Title: MUDROD: Improving Ocean Data Discovery Through Enhanced Searching Relevance
Presenting Author: Chaowei Phil Yang
Organization: George Mason University
Co-Author(s): Yongyao Jiang, Yun Li, Kai Liu, Edward M Armstrong, Thomas Huang, David Moroni, and Chris Finch, Lewis Mcgibbney

Abstract:
MUDROD (Mining and Utilizing Dataset Relevancy from Oceanographic Datasets to Improve Data Discovery and Access) is a search relevance project funded by NASA AIST (NNX15AM85G). The objectives are to 1) analyze web logs to discover the semantic relationships between datasets and user queries, 2) construct a knowledge base by combining an existing ontology and user browsing patterns, 3) and improve data discovery by providing better ranking results, recommendations, and ontology-based navigation.
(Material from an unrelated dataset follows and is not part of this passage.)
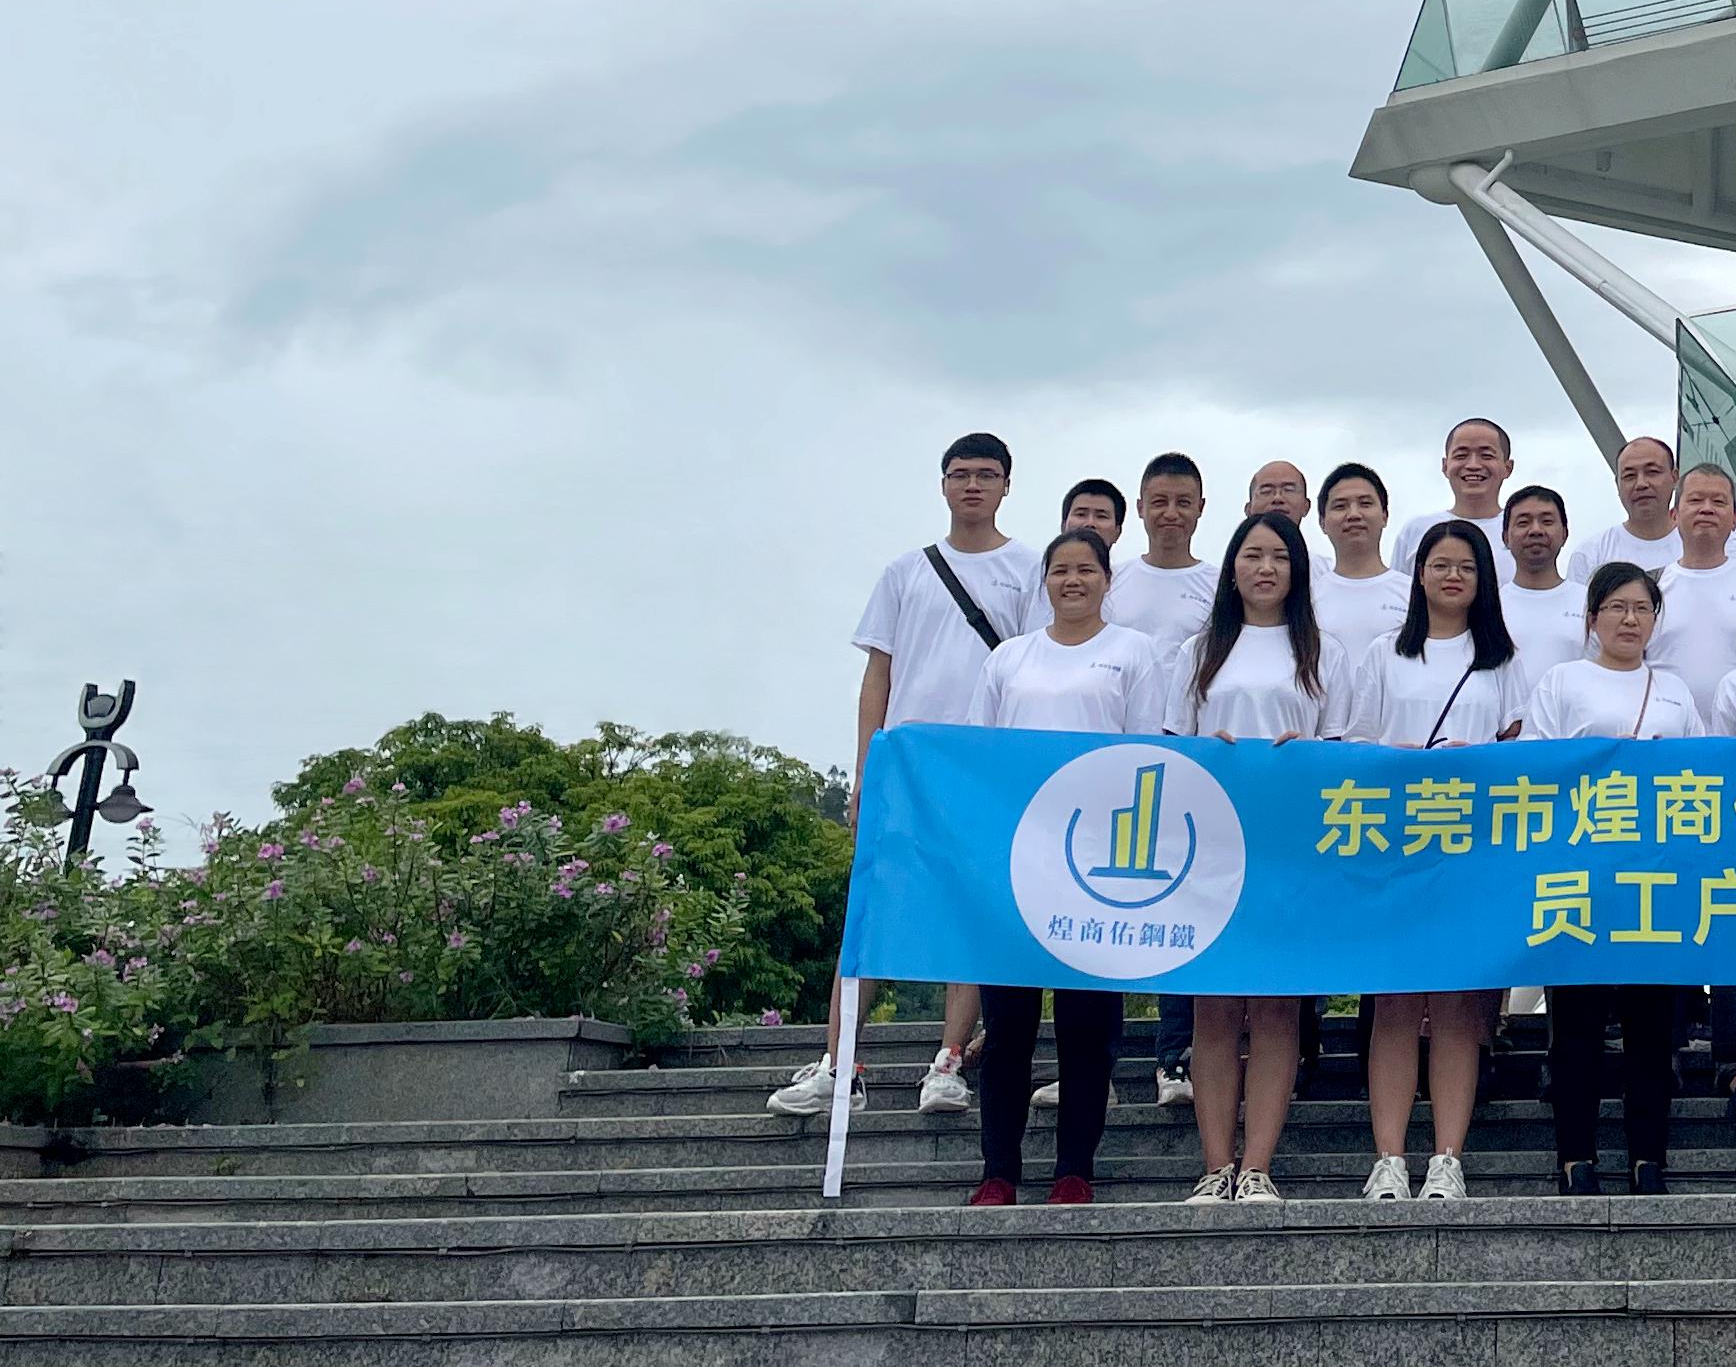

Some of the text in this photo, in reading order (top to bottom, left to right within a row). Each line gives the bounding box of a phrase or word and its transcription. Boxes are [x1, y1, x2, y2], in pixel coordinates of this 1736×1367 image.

[1047, 914, 1196, 950] 煌商佑鋼鐵
The specific functionalities of the MUDROD system include a) web log ingesting (Li et at. 2017); b) session reconstruction (Jiang et at. 2016a); c) vocabulary semantic relationship extraction (Jiang et al. 2016b); d) ontology navigation; e) search results ranking (Jiang et al. 2017); and f) recommendation (Li et al. 2017). Through the past two years’ investigation, a team from GMU and the JPL Physical Oceanography Distributed Active Archive Center (PO.DAAC) has built the MUDROD prototype that is being integrated into a new technology domain called “PO.DAAC Labs” to improve ocean data discovery.